Tutorial for Stacked Trapezoid model

This tutorial shows how to do simulations for stacked trapezoid model and how to fit the experimental data using this model.

[1]:

from cdsaxs.simulations.stacked_trapezoid import StackedTrapezoidSimulation
import numpy as np

Simulation

Prepare the data

[2]:

pitch = 100 #nm distance between two lines
qzs = np.linspace(-0.5, 0.5, 121)
qxs = 2 * np.pi / pitch * np.ones_like(qzs)

#parameters
dwx = 0.1
dwz = 0.1
i0 = 10
bkg = 0.1
y1 = 0.
height = 20. #same as [20., 20.]
bot_cd = 40.
swa = [80., 80.0]

langle = np.deg2rad(np.asarray(swa))
rangle = np.deg2rad(np.asarray(swa))

#simulation data
i_params = {'heights': height,
            'langles': langle,
            'rangles': rangle,
            'y_start': y1,
            'bot_cd': bot_cd,
            'dwx': dwx,
            'dwz': dwz,
            'i0': i0,
            'bkg_cste': bkg,
            }

Description of the parameters:

dwx, dwz, i0 and bkg are the parameters necessary to calculate the Debye-waller factor which accounts for the real world imperfections in the model. You can read more about it here.
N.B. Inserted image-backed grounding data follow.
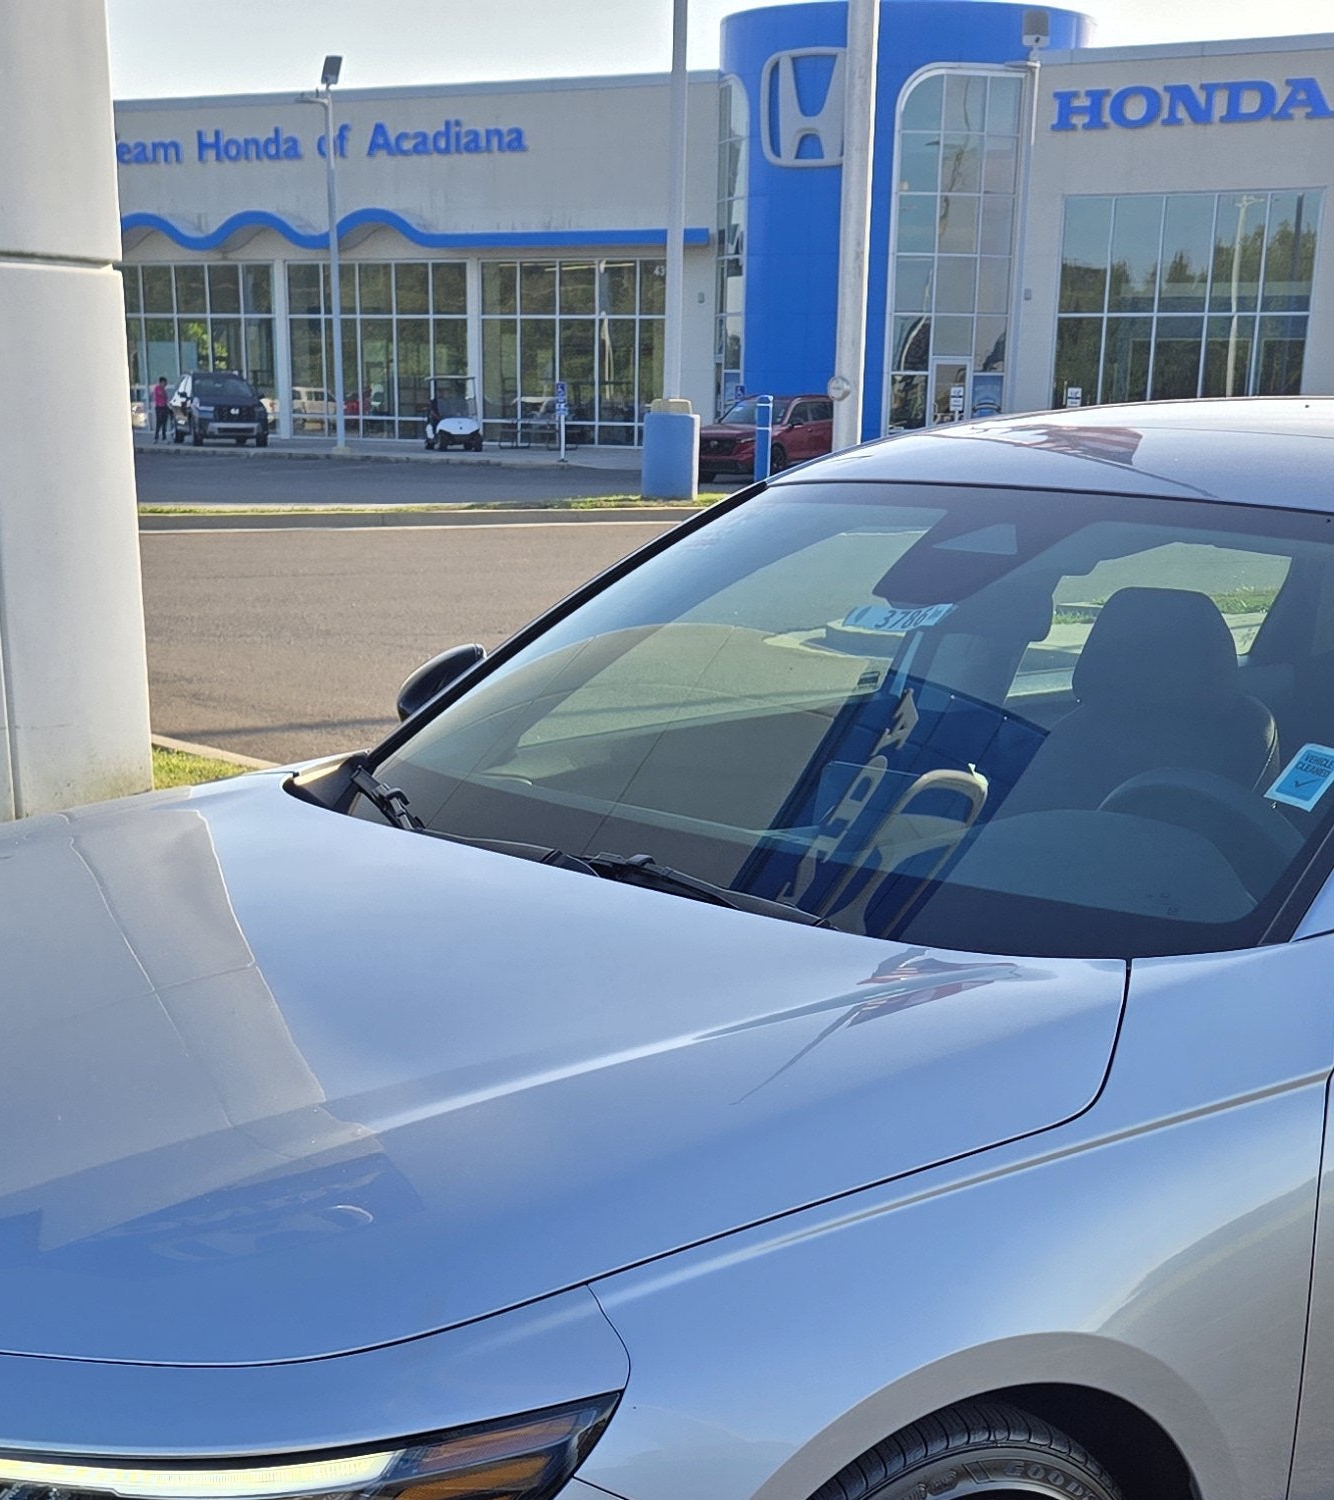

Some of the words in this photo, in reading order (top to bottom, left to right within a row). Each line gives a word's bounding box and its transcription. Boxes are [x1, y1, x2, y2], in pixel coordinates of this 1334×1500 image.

[116, 139, 182, 165] eam
[196, 126, 302, 162] Honda
[317, 123, 352, 158] of
[366, 119, 529, 158] Acadiana
[874, 606, 933, 629] 3786
The other parameters are the geometrical parameters of the model. The parameters are as follows:

y_start - starting y-coordinate of the base of the nano structure

bot_cd - bottom width (CD for critical dimension) of the nano structure

heights - height of each individual trapezoid can be a single value or a list of values in case of list of values, each value corresponds to the height of each individual trapezoid.
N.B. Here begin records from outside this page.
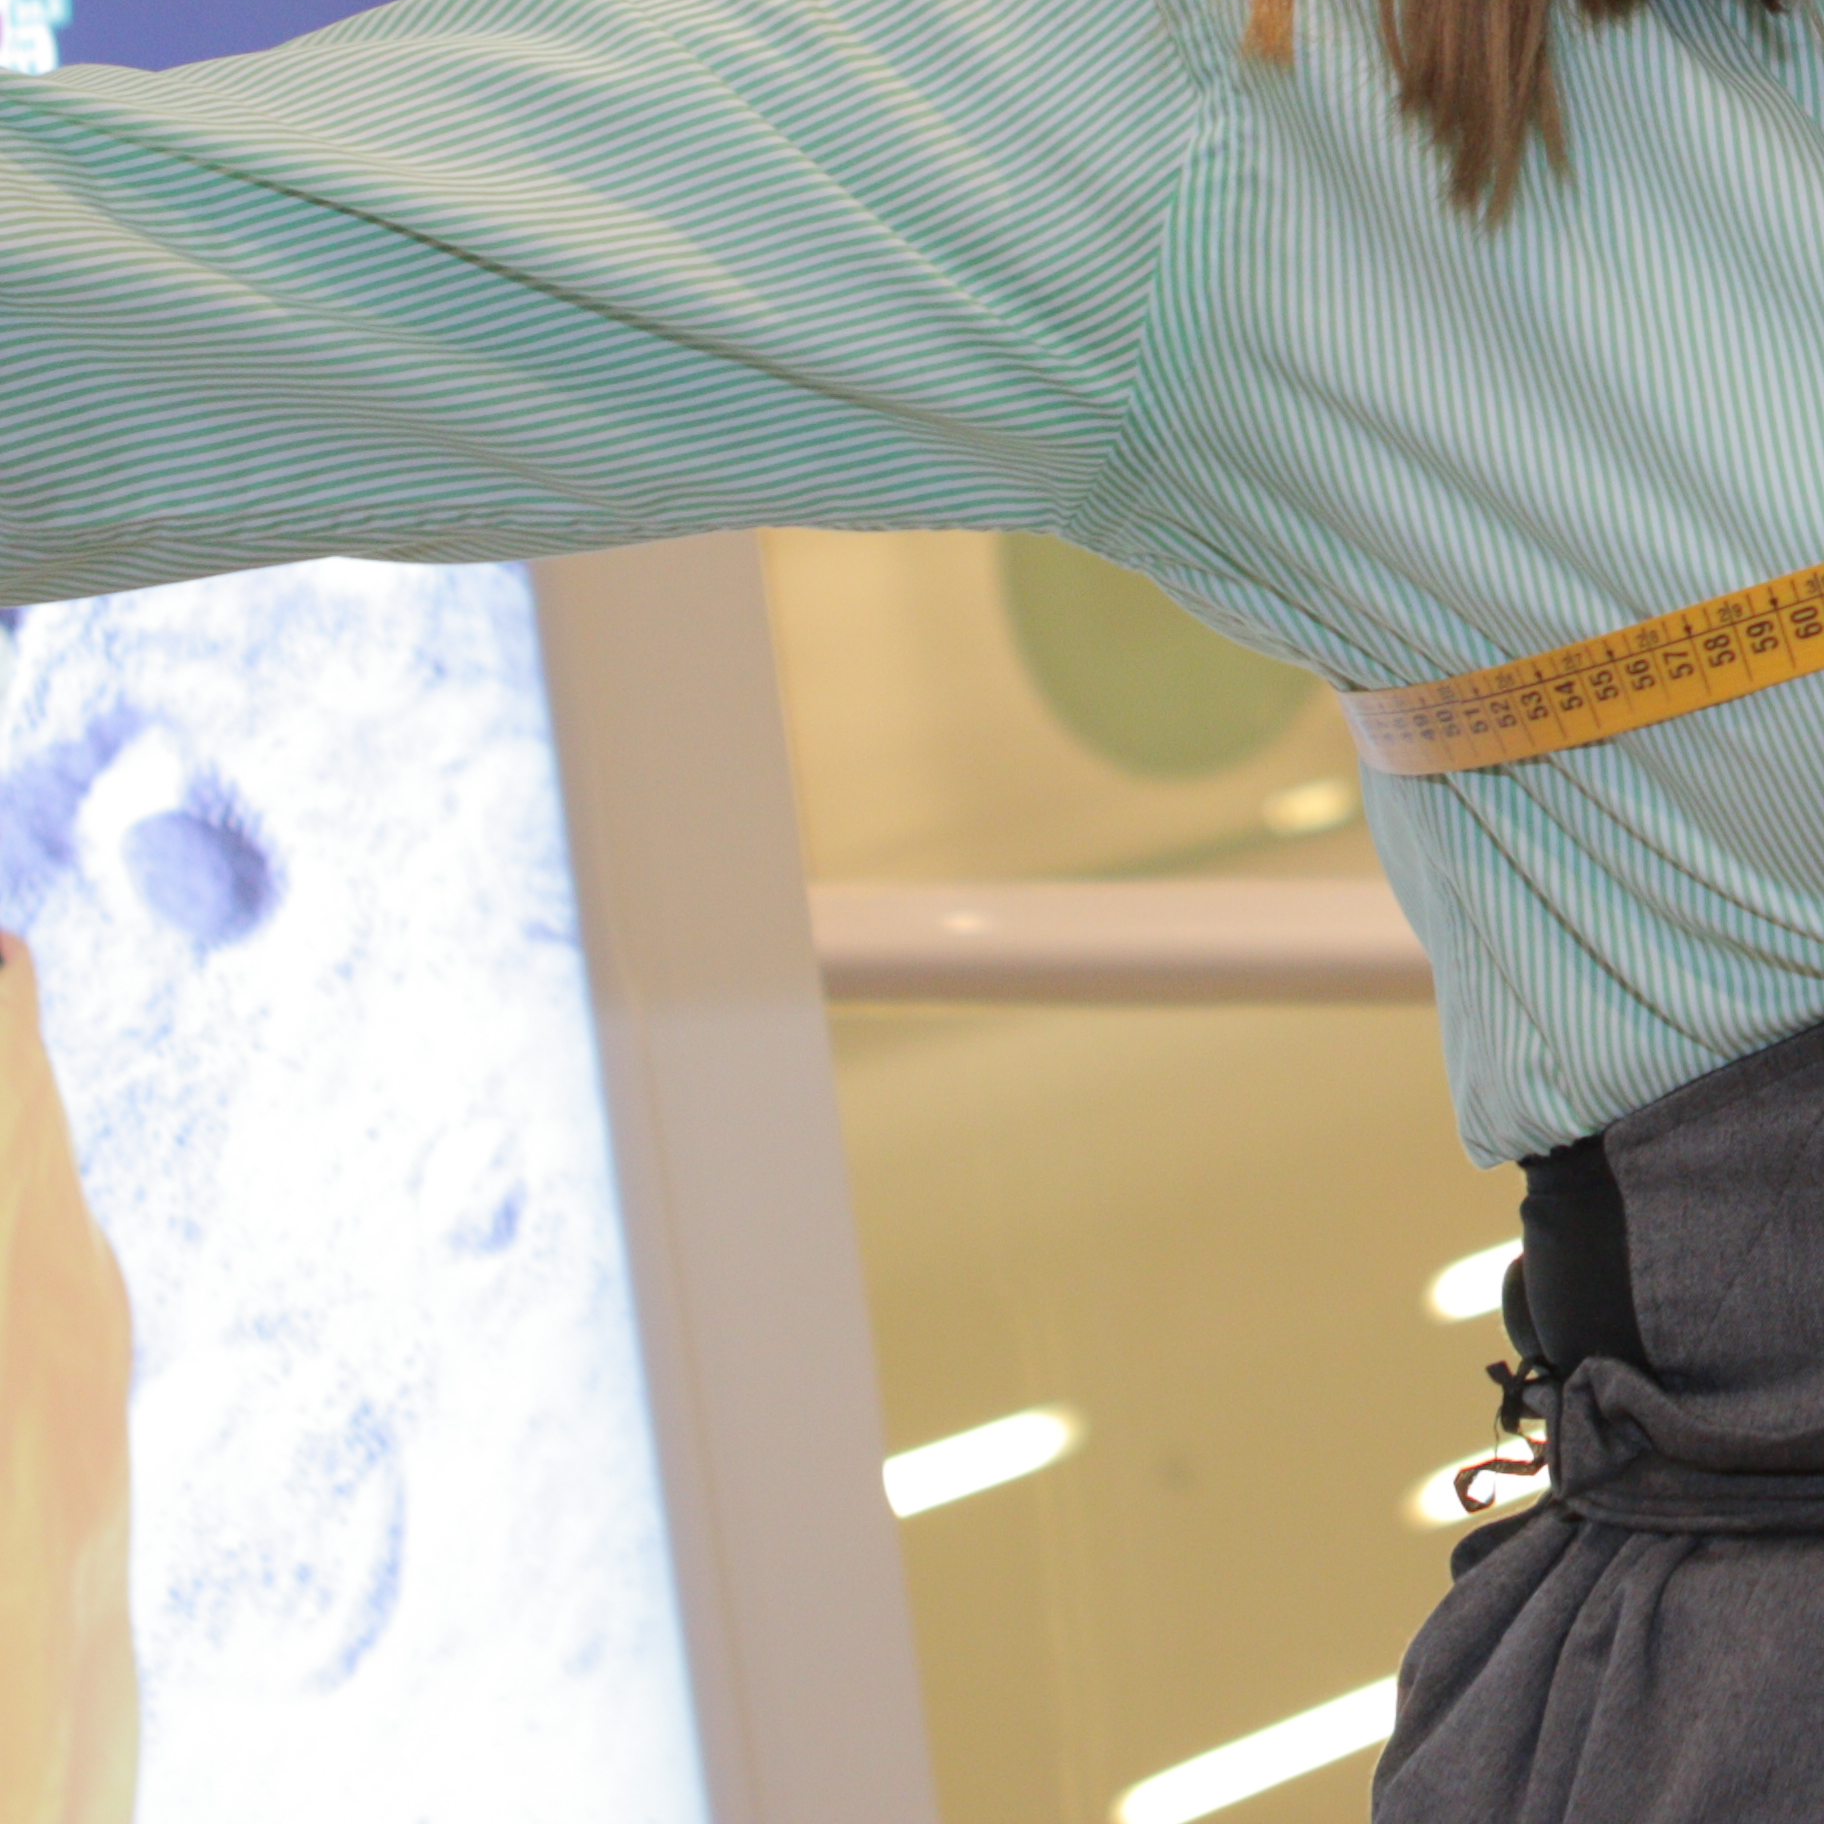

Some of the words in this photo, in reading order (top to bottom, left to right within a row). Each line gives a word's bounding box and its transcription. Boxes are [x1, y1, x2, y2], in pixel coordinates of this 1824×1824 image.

[1746, 621, 1779, 654] 59
[1790, 606, 1823, 639] 60
[1664, 651, 1694, 680] 57
[1704, 634, 1736, 668] 58
[1590, 670, 1619, 700] 55
[1626, 659, 1655, 691] 56
[1522, 691, 1548, 720] 53
[1555, 681, 1584, 711] 54
[1490, 702, 1516, 727] 52
langles - list of all the left bottom angles of each individual trapezoid. The dictionary which is passed should have it in radians.

rangles - list of all the right bottom angles of each individual trapezoid. The dictionary which is passed should have it in radians.

weight - weight of each individual trapezoid to account for the fact that they could be made of different materials. here we will assume that all the trapezoids are made of the same material hence the weight is not necessary.

Note: In symmetric case either left or right angle can be passed and the other will be calculated using the symmetry.

So we are constructing a line space pattern and the cross section of each line looks like following:

Create instance of the Simulation class and call `simulate_diffraction` method

[3]:

Simulation1 = StackedTrapezoidSimulation(qys=qxs, qzs=qzs)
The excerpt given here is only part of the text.